The weekend before the assembly Monday morning Yoyo went into a panic. Her mother would just have to call in tomorrow and say Yoyo was in the hospital, in a coma.

Laura tried to calm her down. “Just remember how Mister Lincoln couldn’t think of anything to say at the Gettysburg, but then, bang! Four score and once upon a time ago,” she began reciting. “Something is going to come if you just relax. You’ll see, like the Americans say, Necessity is the daughter of invention. I’ll help you.”

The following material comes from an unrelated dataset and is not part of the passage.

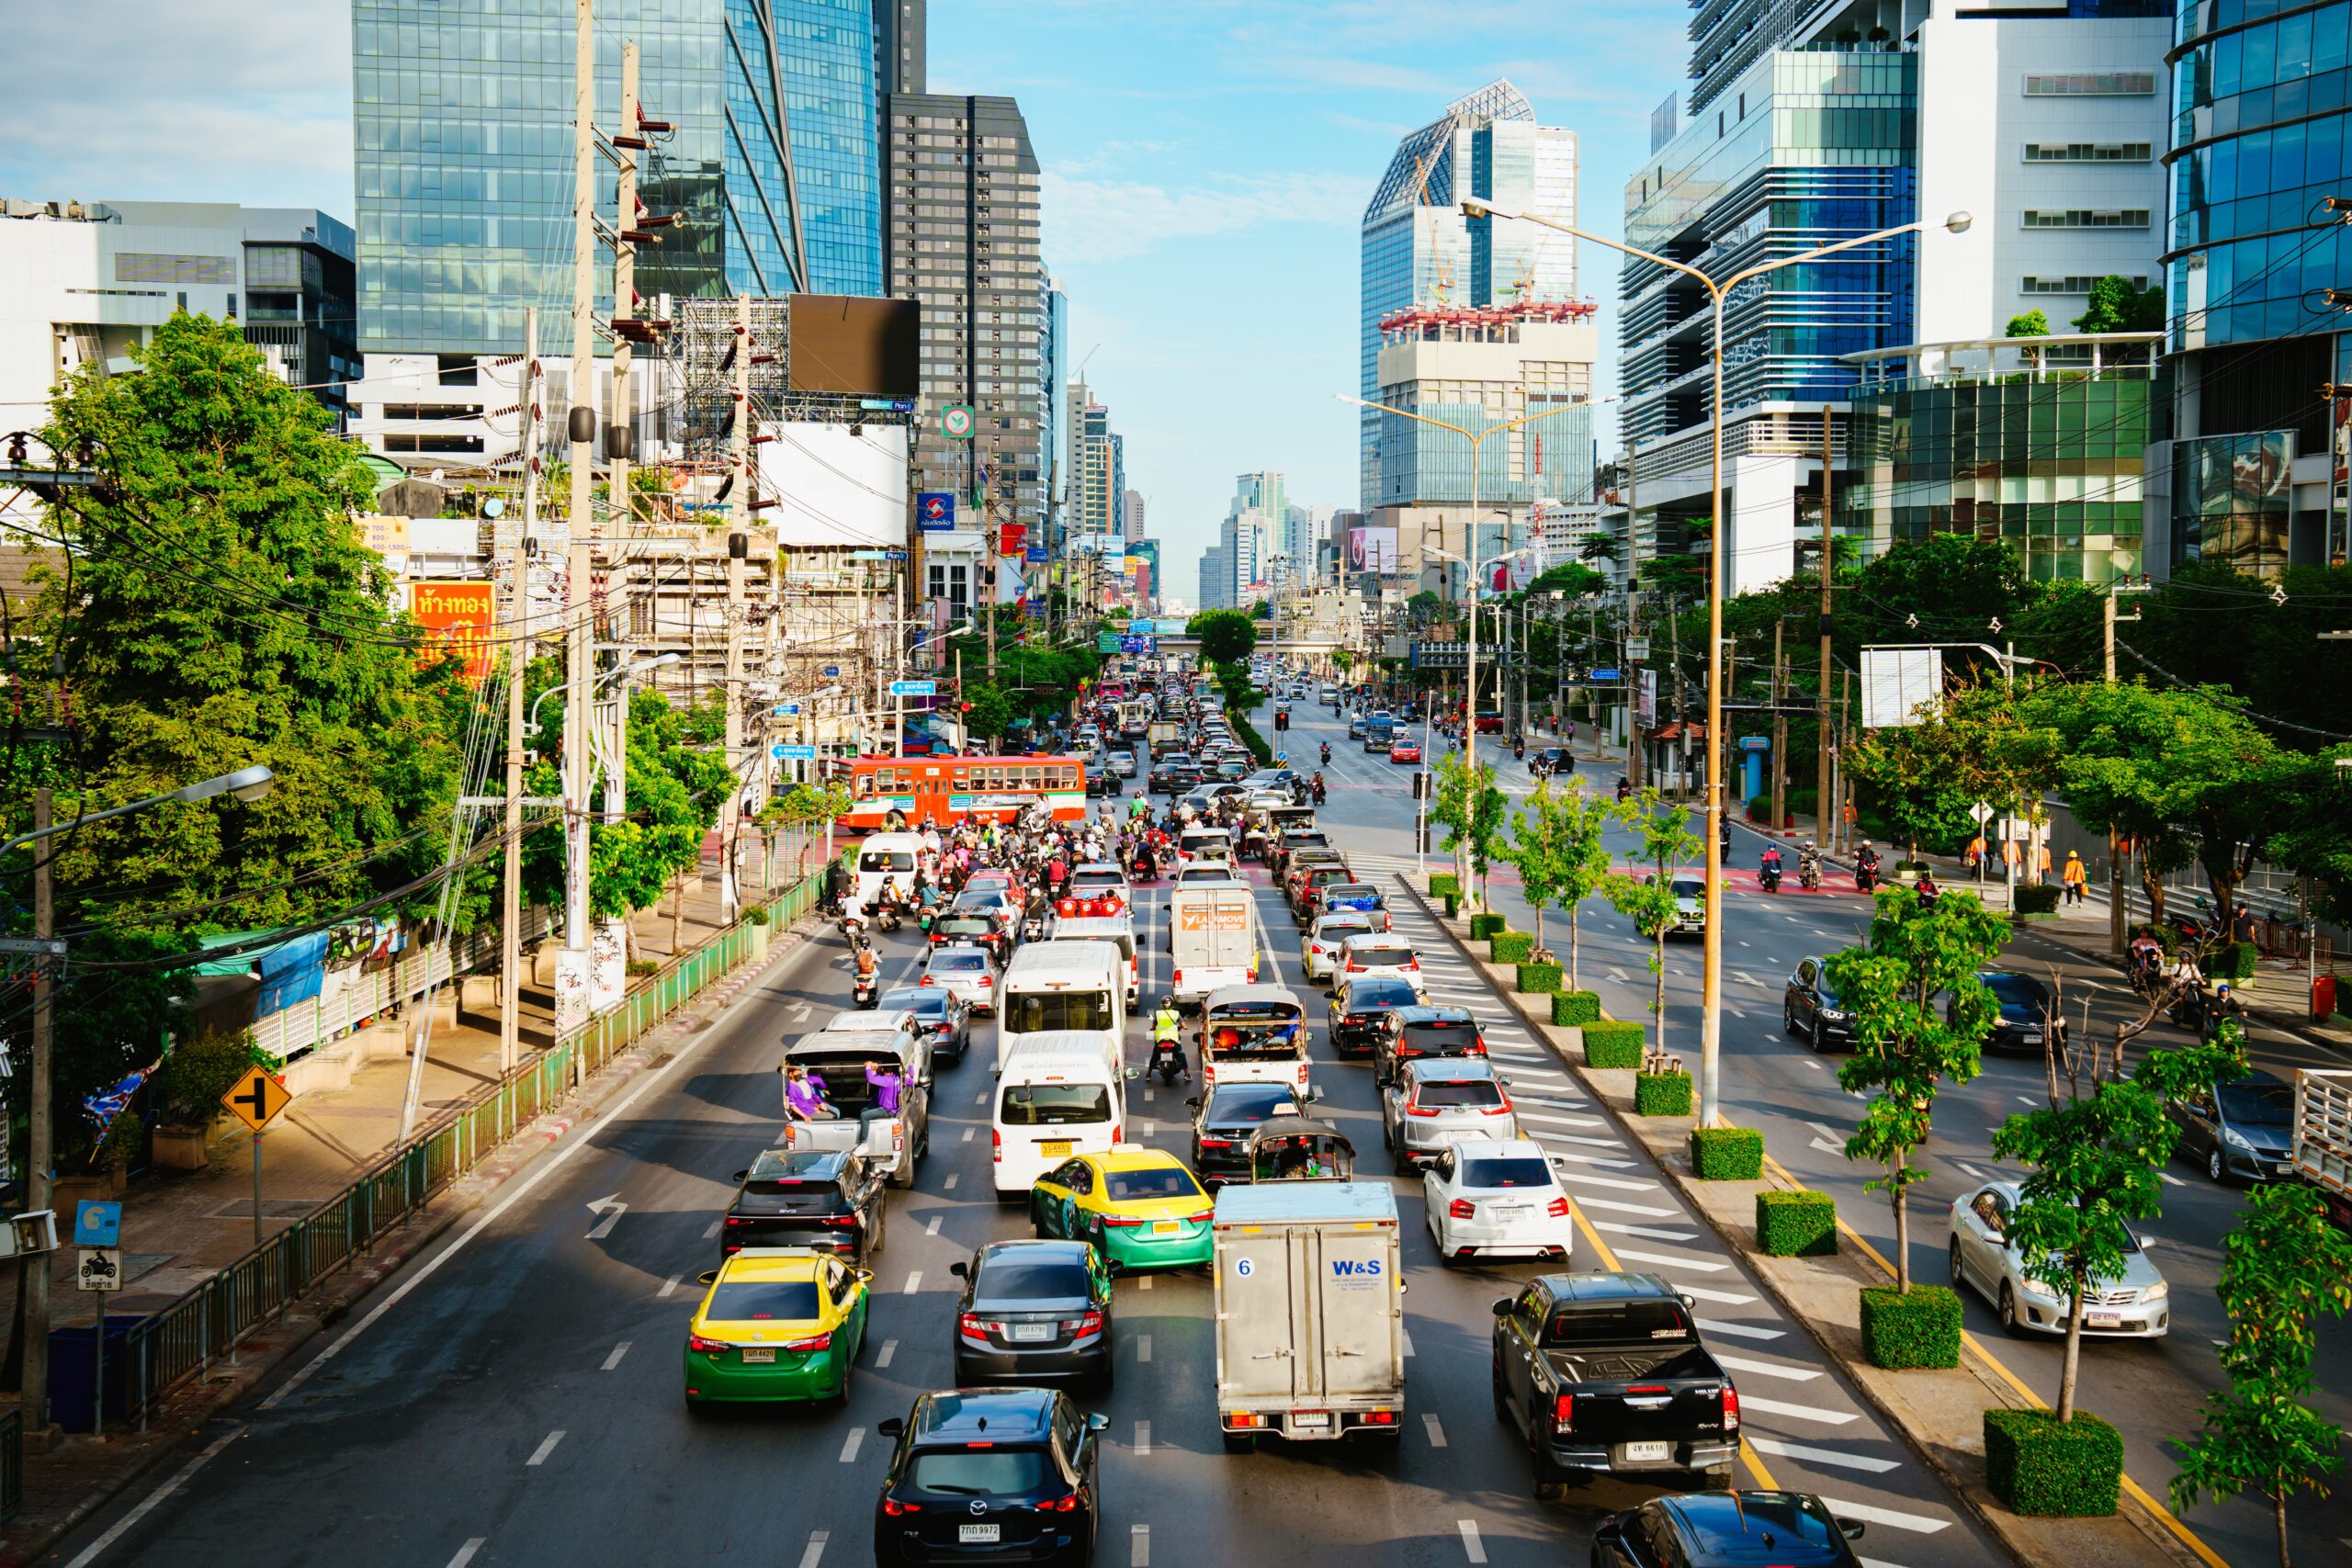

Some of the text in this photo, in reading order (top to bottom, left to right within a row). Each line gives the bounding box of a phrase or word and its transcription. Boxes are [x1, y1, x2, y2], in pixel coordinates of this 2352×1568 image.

That weekend, her mother turned all her energy towards helping Yoyo write her speech. “Please, Mami, just leave me alone, please,” Yoyo pleaded with her. But Yoyo would get rid of the goose only to have to contend with the gander. Her father kept poking his head in the door just to see if Yoyo had “fulfilled your obligations,” a phrase he had used when the girls were younger and he’d check to see whether they had gone to the bathroom before a car trip. Several times that weekend around the supper table, he recited his own high school valedictorian speech. He gave Yoyo pointers on delivery, notes on the great orators and their tricks. (Humbleness and praise and falling silent with great emotion were his favorites.)